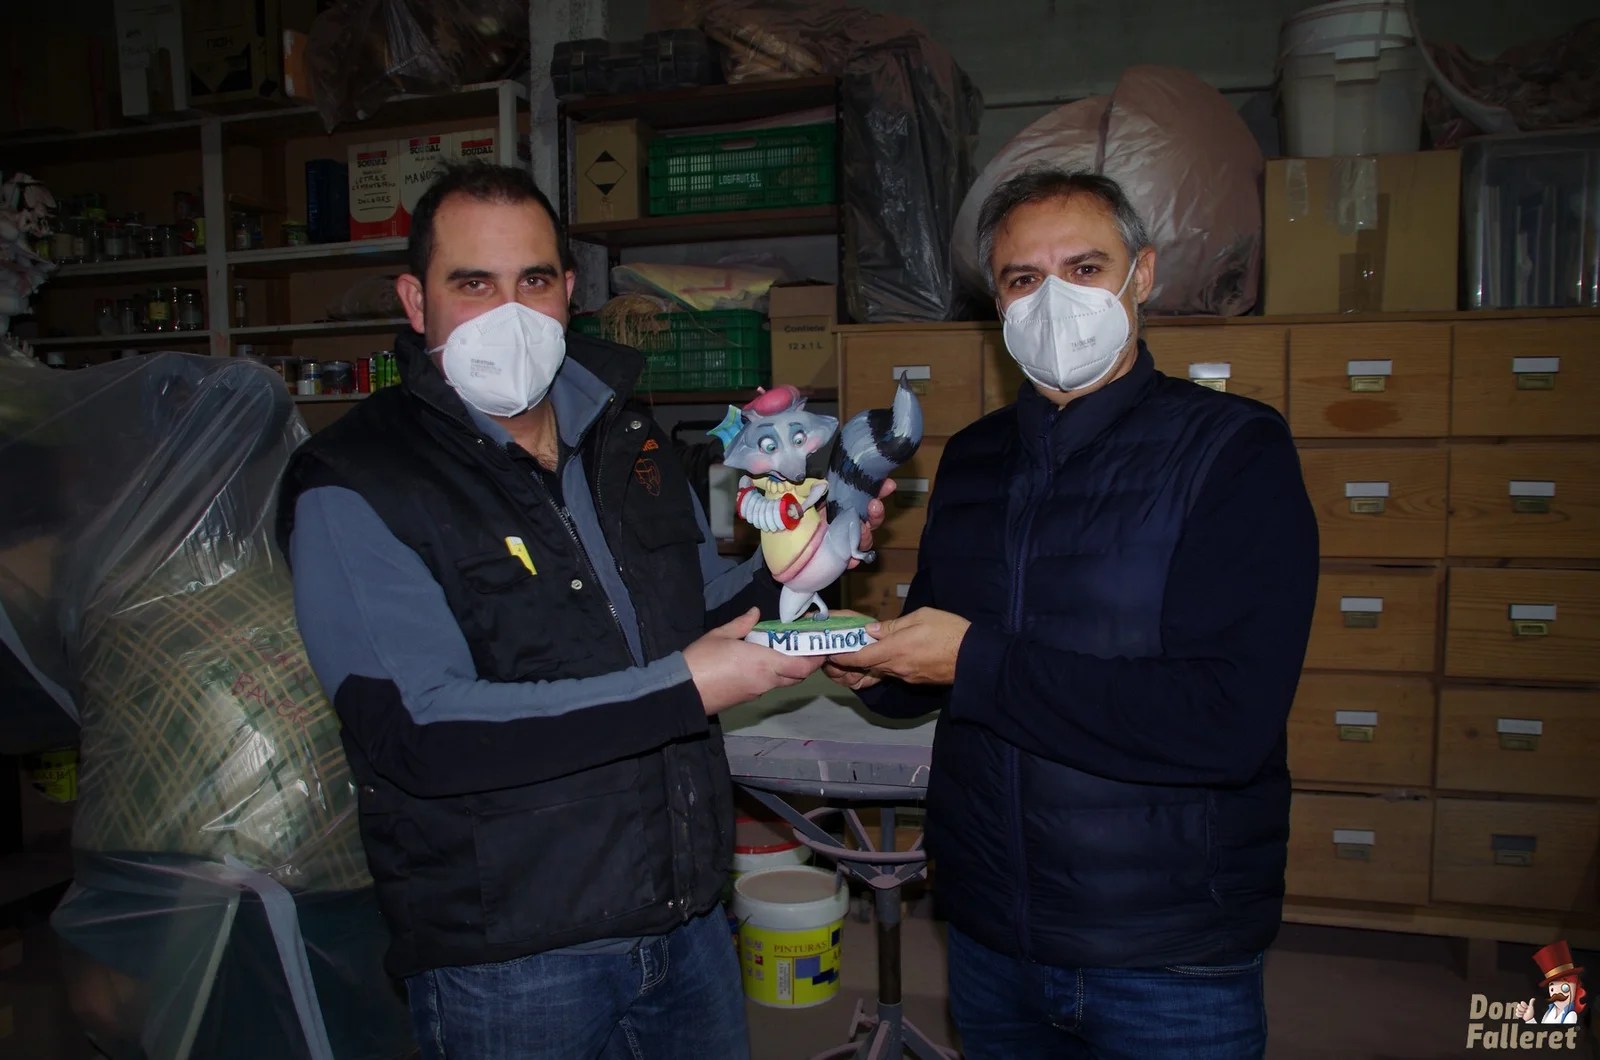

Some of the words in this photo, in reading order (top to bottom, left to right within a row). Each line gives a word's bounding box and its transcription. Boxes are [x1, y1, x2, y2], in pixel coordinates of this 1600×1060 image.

[461, 146, 494, 157] SOUDAL
[784, 324, 826, 333] Contiene
[788, 342, 799, 350] 12
[767, 628, 800, 651] Mi
[809, 628, 868, 650] ninot
[774, 941, 829, 954] PINTURAS

+--

◆ **GOAL OF THE EXERCISE**:
An exact copy of the records above is wanted, with the pictures omitted.

◆ **TASK RESULT**:
Some of the words in this photo, in reading order (top to bottom, left to right within a row). Each line gives a word's bounding box and its transcription. Boxes are [x1, y1, x2, y2], in pixel coordinates of this 1600×1060 image.

[461, 146, 494, 157] SOUDAL
[784, 324, 826, 333] Contiene
[788, 342, 799, 350] 12
[767, 628, 800, 651] Mi
[809, 628, 868, 650] ninot
[774, 941, 829, 954] PINTURAS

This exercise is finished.